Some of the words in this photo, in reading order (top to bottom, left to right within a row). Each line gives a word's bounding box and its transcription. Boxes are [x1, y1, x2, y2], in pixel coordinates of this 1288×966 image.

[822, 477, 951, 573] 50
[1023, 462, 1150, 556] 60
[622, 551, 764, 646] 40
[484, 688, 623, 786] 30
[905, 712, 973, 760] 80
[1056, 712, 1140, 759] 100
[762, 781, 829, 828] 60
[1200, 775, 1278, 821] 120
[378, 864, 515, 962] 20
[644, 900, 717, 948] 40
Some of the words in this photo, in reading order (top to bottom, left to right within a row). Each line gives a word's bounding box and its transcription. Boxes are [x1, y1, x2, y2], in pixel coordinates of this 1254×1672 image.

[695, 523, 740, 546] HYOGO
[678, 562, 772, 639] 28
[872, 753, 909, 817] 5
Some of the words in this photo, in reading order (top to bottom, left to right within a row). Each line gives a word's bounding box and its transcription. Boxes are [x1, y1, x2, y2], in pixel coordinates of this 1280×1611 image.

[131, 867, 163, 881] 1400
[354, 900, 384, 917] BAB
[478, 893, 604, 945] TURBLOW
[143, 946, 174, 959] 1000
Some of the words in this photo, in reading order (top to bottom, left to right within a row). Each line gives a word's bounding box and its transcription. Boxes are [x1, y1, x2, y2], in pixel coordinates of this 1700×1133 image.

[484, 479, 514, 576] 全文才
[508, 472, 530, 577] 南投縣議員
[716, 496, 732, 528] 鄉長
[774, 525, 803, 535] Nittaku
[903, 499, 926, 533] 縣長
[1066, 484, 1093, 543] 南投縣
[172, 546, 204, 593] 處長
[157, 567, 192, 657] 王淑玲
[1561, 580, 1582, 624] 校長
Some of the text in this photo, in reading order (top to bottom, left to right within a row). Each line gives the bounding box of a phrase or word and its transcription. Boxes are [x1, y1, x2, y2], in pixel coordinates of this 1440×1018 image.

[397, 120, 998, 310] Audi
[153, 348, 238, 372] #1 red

The problem:
Could you copy exactly the lines from the one containing "Some of the text" through the end of the records above, and nothing more?

Solution to this problem:
Some of the text in this photo, in reading order (top to bottom, left to right within a row). Each line gives the bounding box of a phrase or word and its transcription. Boxes are [x1, y1, x2, y2], in pixel coordinates of this 1440×1018 image.

[397, 120, 998, 310] Audi
[153, 348, 238, 372] #1 red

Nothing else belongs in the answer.